Fixar datas para um mundo de regeneração é uma atitude incoerente em minha opinião porque ele será construído por cada Espírito reencarnado no planeta e que consiga realizar sua reforma íntima. Daqui a quantos anos nós conseguiremos fazer a regeneração de nós mesmos? É previsível?  Quantas reencarnações necessitaremos para nos transformarmos e criarmos um mundo de regeneração? Esse mundo regenerado nasce em cada ser humano. Não vem de fora para dentro, mas de dentro para fora. Portanto, é possível fazer previsões conhecendo a dificuldade que temos em nos reformarmos intimamente? Quem tem pressa, se apresse em melhorar-se o mais rapidamente possível.
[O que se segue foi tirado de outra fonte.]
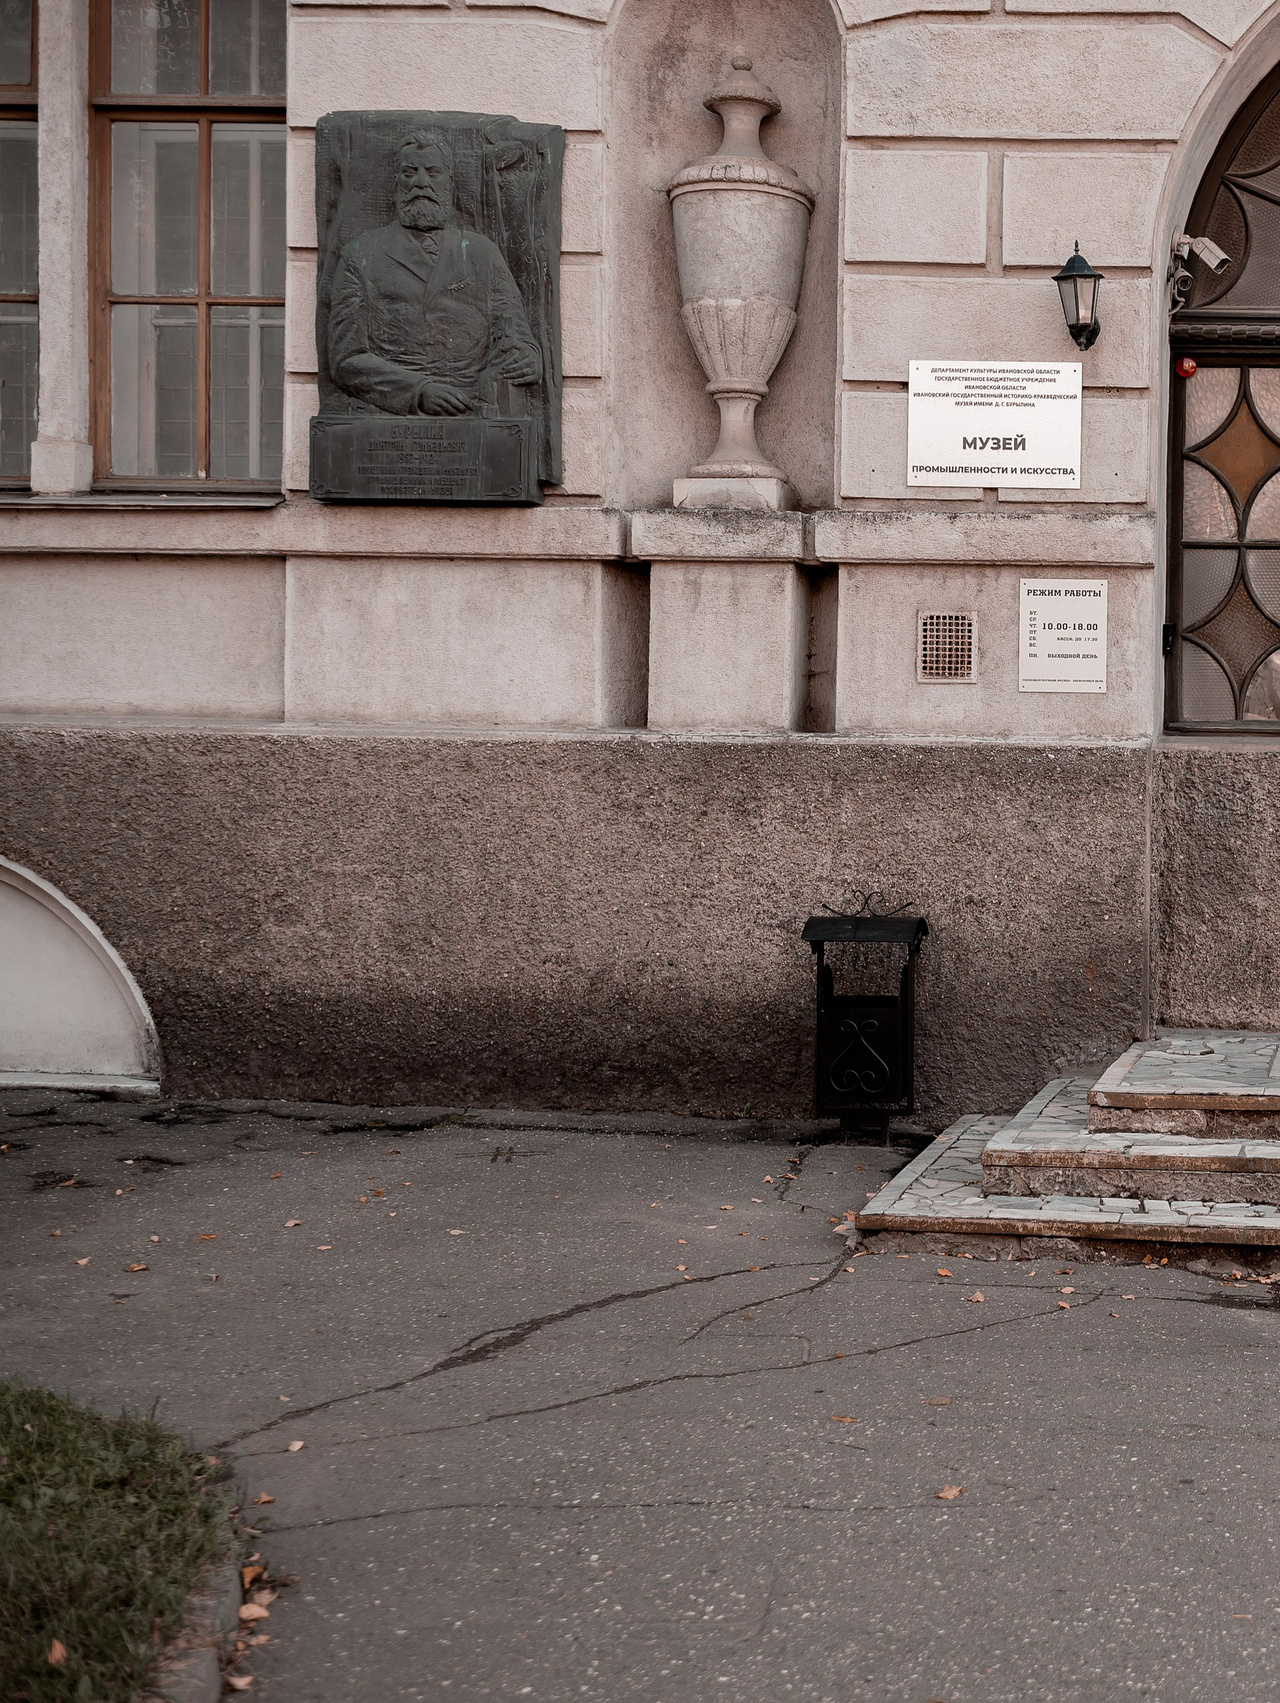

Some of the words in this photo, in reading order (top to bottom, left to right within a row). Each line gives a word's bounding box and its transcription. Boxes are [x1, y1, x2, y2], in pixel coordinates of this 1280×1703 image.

Em face dos problemas que a sociedade terrena está enfrentando, qual deve ser a prioridade máxima dos que dirigem atualmente o movimento espírita no Brasil e no mundo?

Divulgar a realidade de que Jesus não desceu do barco da humanidade. Ele continua na embarcação como no mar da Galileia junto aos seus discípulos a conduzir-nos para um porto seguro em cumprimento à sua afirmativa de que nenhuma ovelha de seu rebanho se perderá. De que continuará conosco até a consumação do século. Nós é que continuamos a não confiar nessa verdade. Confiar não é acreditar. Confiar é ter a certeza de que Ele continua à nossa frente acalmando as tempestades e as águas revoltas da humanidade atual. A divulgação dessa verdade é o maior medicamento que a Doutrina tem a oferecer perante as ondas agitadas do mar da existência atual do ser humano.
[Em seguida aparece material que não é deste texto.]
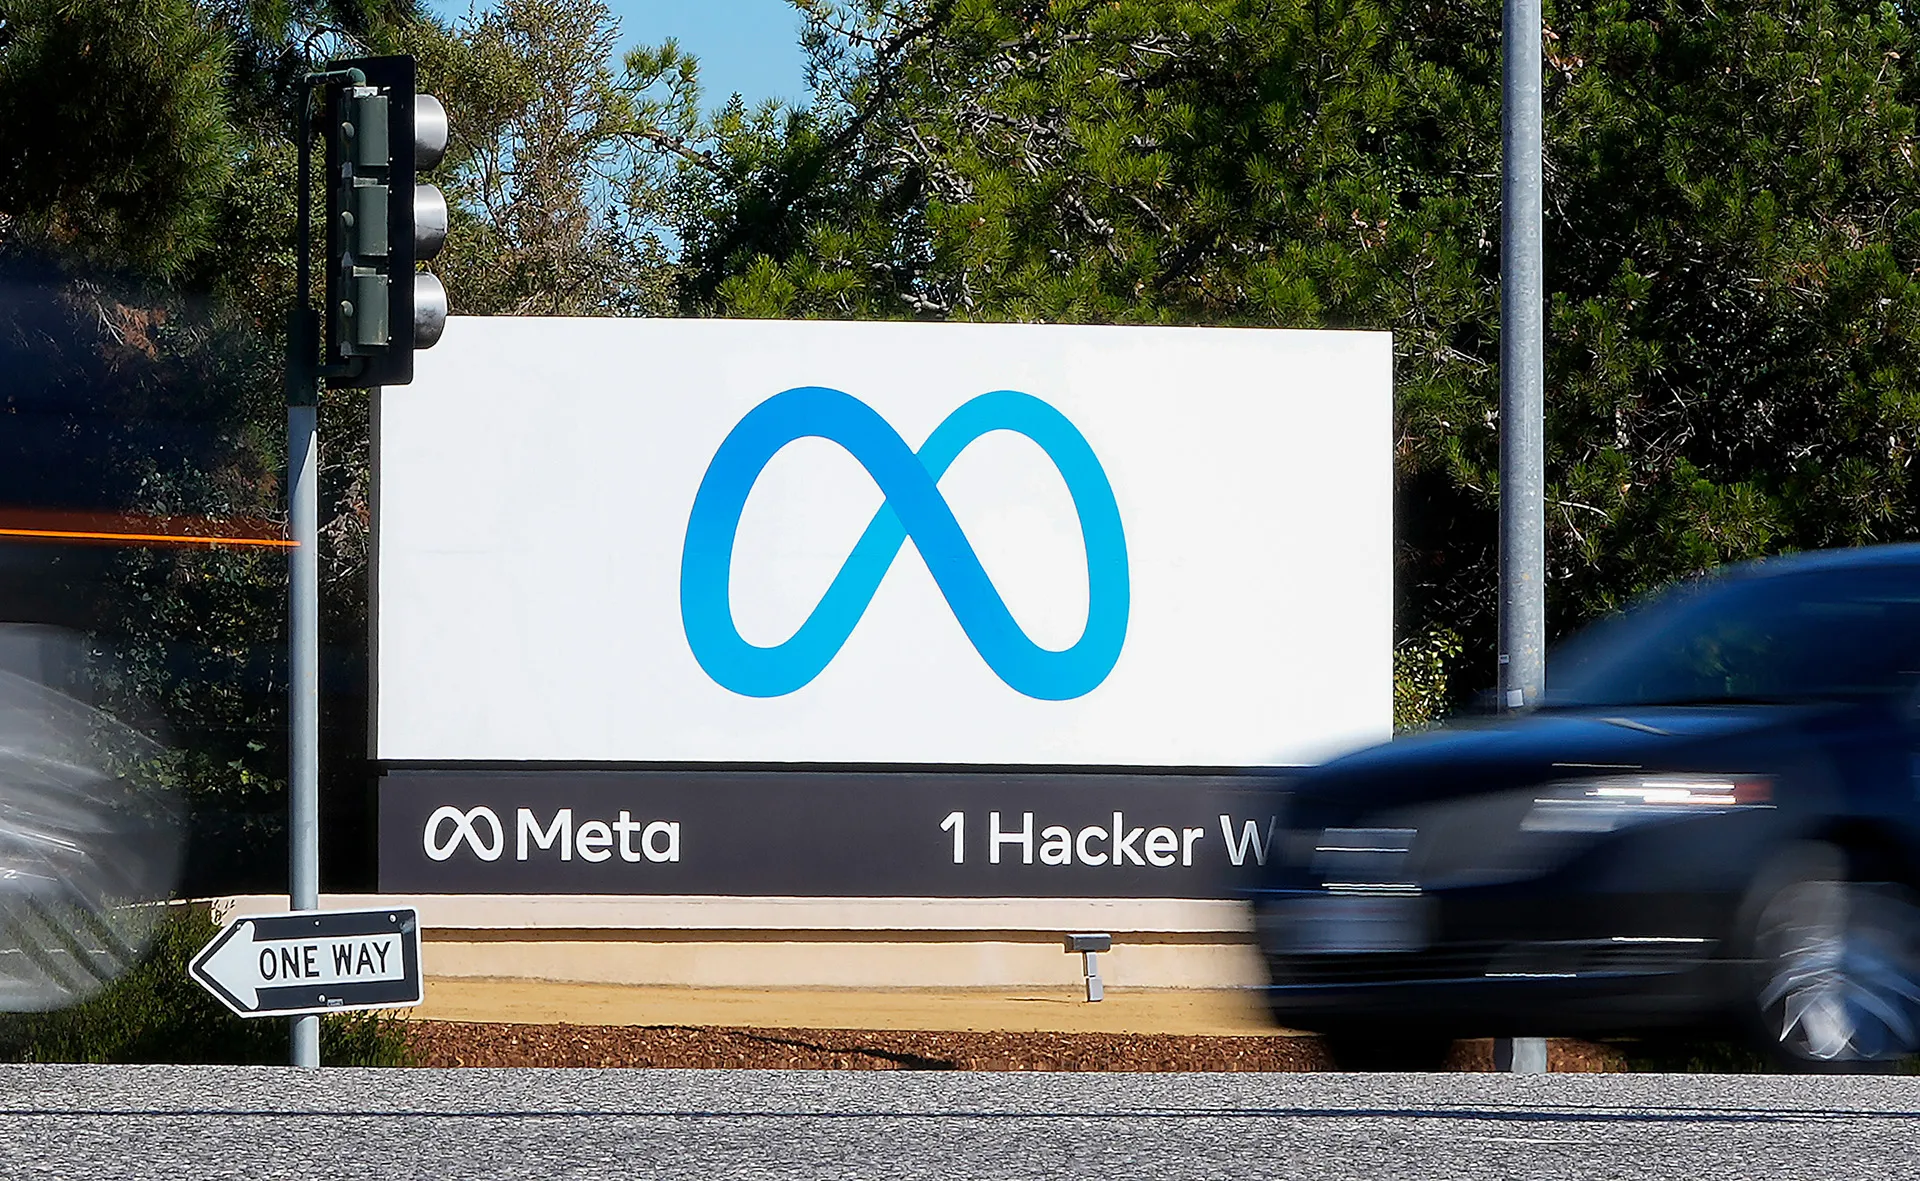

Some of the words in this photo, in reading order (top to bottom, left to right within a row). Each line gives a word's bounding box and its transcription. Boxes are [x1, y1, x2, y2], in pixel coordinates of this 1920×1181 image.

[516, 807, 681, 863] Meta
[939, 811, 966, 864] 1
[988, 811, 1205, 867] Hacker
[259, 945, 320, 981] ONE
[332, 941, 391, 977] WAY
A pandemia que o mundo enfrentou desde o início de 2020 alterou drasticamente o funcionamento das Casas Espíritas e inspirou a ampliação de muitas atividades on-line. Como você vê o retorno da Casa Espírita e seu funcionamento a partir do momento em que a Covid esteja inteiramente superada?

O retorno à Casa espírita se dará de acordo com o que ela ofereceu aos seus frequentadores antes da pandemia. Se ofereceu amor, acolhimento, consolo, os necessitados voltarão. Se forneceu apenas estudos, passes, água fluidificada, palestras, tudo isso desprovido de amor, tudo isso num ato mecânico e distante, esse retorno será mais frio, mais lento, mais difícil. O amor incondicional está extremamente difícil nos tempos atuais como sempre esteve, e onde ele estiver, aí estarão todos os necessitados de serem amados.

Suas palavras finais.

Gostaria de dizer aos que derem o prazer e a honra de nos lerem é que todos despertemos para cada dia que a Providência Divina nos permite acordar no veículo do corpo físico. O dia mais importante é o hoje, o tempo é o agora. O passado não retorna e o futuro não sabemos se teremos para continuarmos no corpo aproveitando as muitas oportunidades de cada dia. Quem se apega ao passado que não pode ser modificado, corre o risco do convite à depressão. Quem busca pelo futuro, dá origem ao mecanismo da ansiedade. Então, o dia é hoje. O tempo é agora. Foi assim que os grandes vultos da humanidade iluminaram sua passagem pela Terra, deixando-nos preciosas lições que nos orientam até hoje e para sempre.